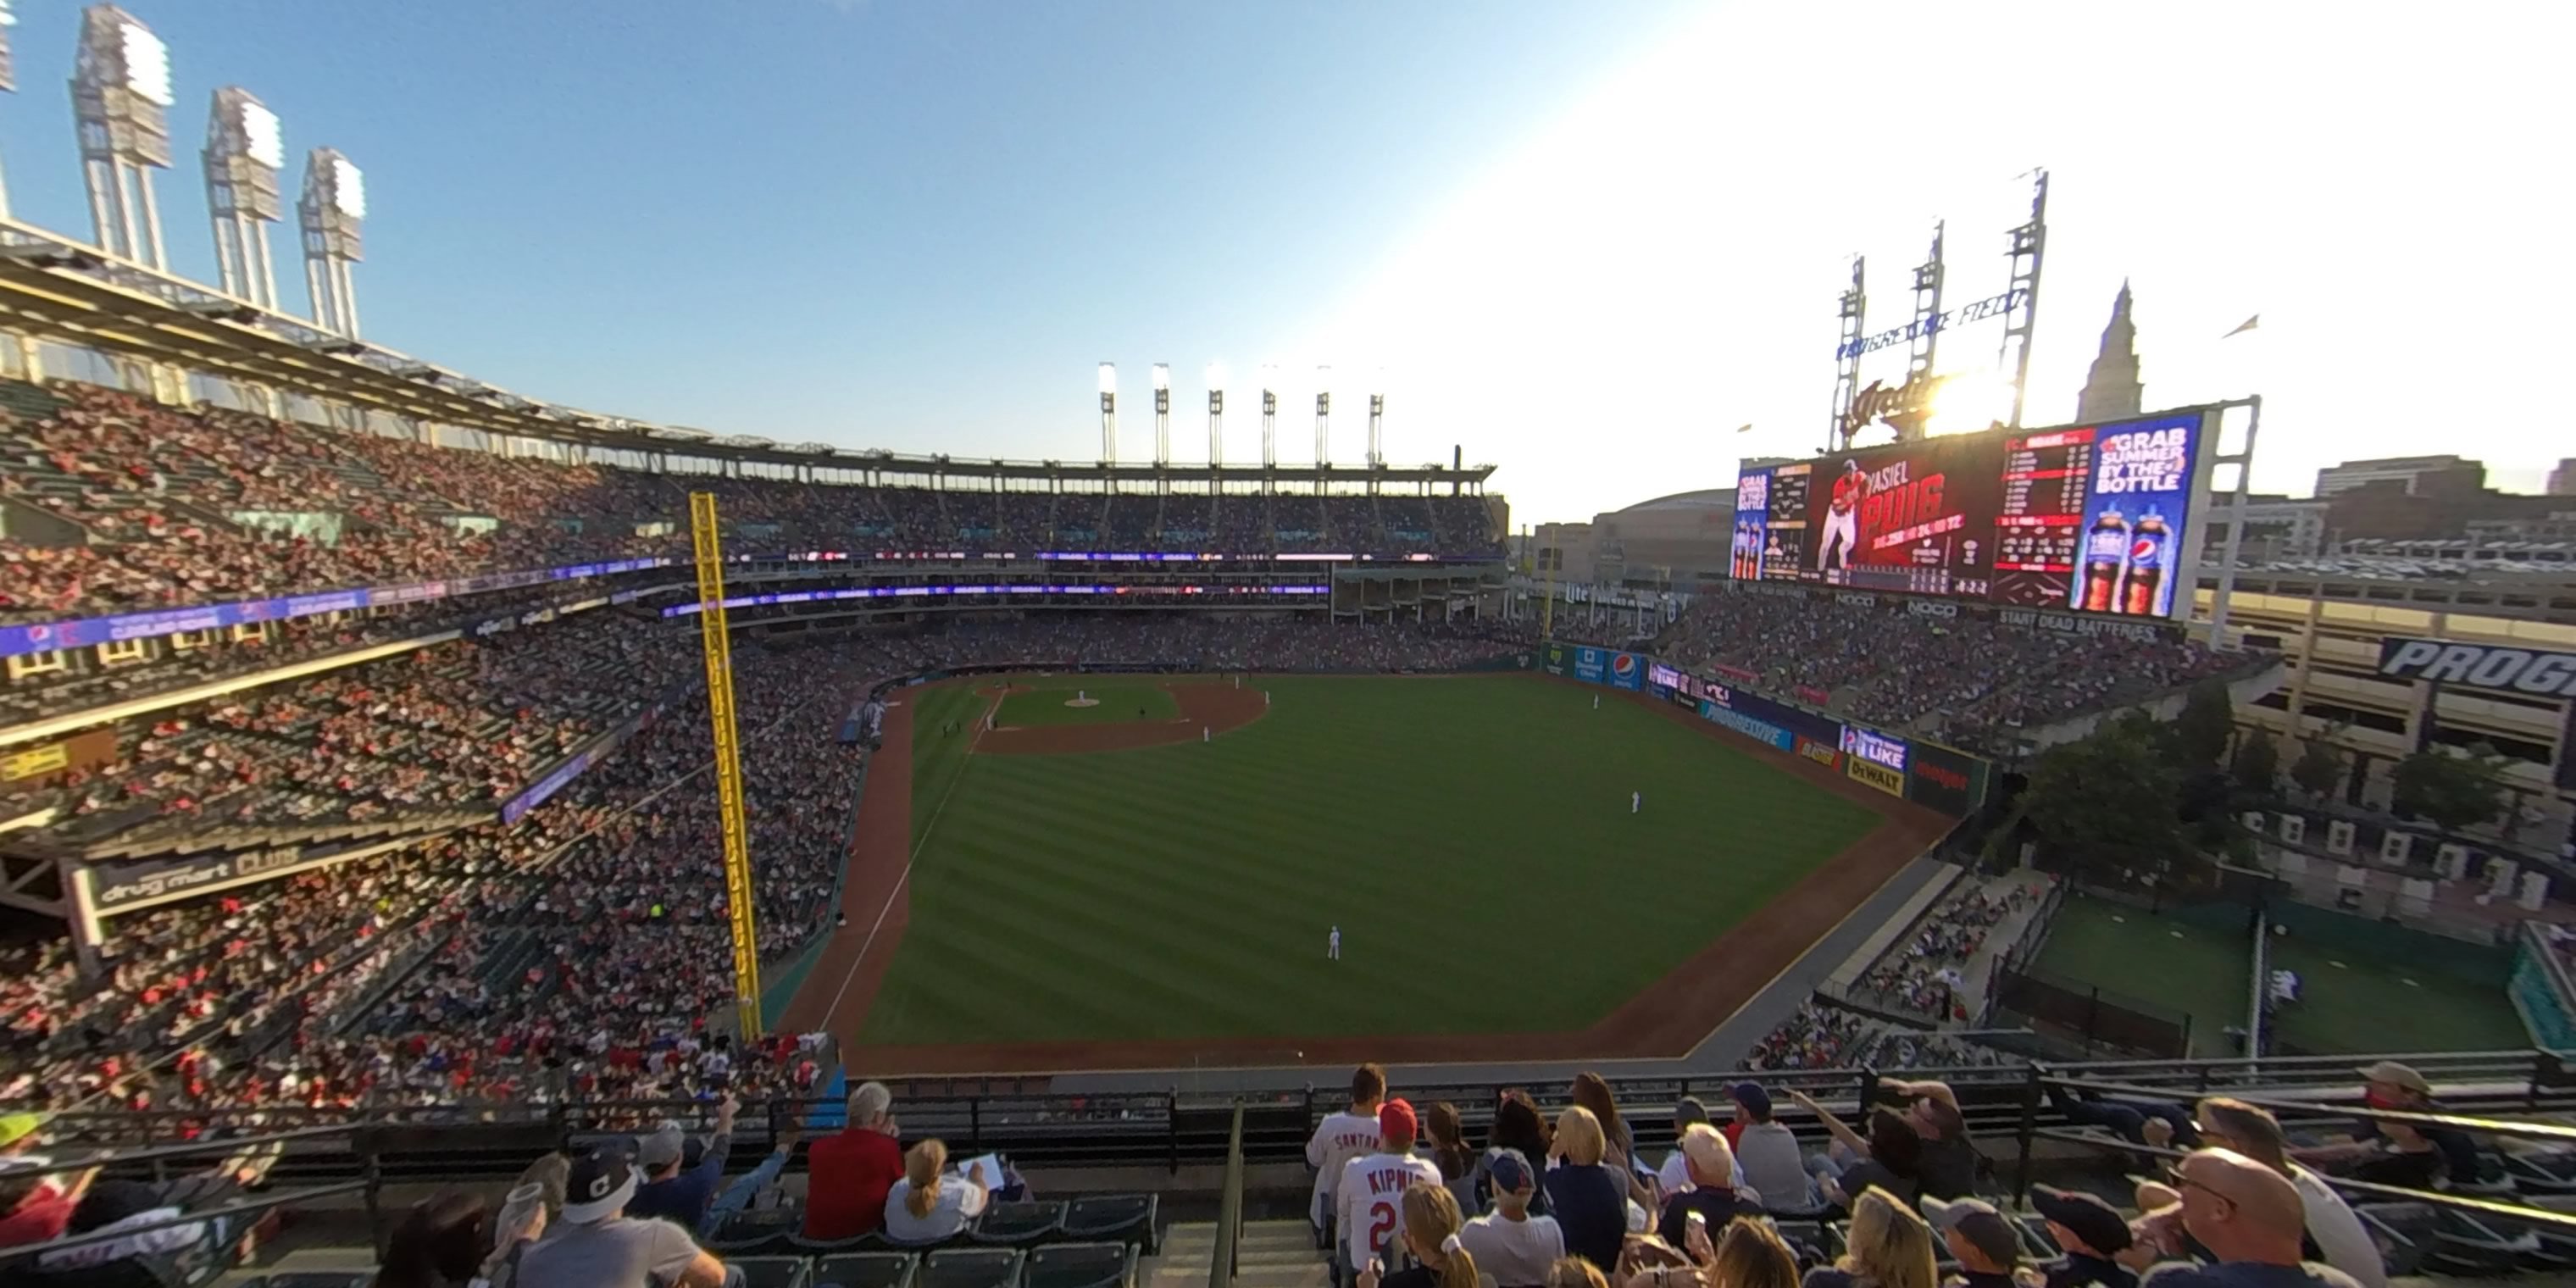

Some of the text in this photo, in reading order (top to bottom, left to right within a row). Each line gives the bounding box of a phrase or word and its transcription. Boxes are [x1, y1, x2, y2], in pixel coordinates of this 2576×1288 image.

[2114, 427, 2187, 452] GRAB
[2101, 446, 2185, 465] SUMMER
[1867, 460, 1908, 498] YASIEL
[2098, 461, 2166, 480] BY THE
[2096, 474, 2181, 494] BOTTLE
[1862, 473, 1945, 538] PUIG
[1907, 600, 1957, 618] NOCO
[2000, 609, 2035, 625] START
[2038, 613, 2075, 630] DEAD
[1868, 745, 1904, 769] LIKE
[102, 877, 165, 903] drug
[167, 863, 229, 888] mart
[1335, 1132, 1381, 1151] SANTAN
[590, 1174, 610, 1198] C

#### What to do
Return every entry exactly, dropping the pictures.

#### Problem solution
Some of the text in this photo, in reading order (top to bottom, left to right within a row). Each line gives the bounding box of a phrase or word and its transcription. Boxes are [x1, y1, x2, y2], in pixel coordinates of this 2576×1288 image.

[2114, 427, 2187, 452] GRAB
[2101, 446, 2185, 465] SUMMER
[1867, 460, 1908, 498] YASIEL
[2098, 461, 2166, 480] BY THE
[2096, 474, 2181, 494] BOTTLE
[1862, 473, 1945, 538] PUIG
[1907, 600, 1957, 618] NOCO
[2000, 609, 2035, 625] START
[2038, 613, 2075, 630] DEAD
[1868, 745, 1904, 769] LIKE
[102, 877, 165, 903] drug
[167, 863, 229, 888] mart
[1335, 1132, 1381, 1151] SANTAN
[590, 1174, 610, 1198] C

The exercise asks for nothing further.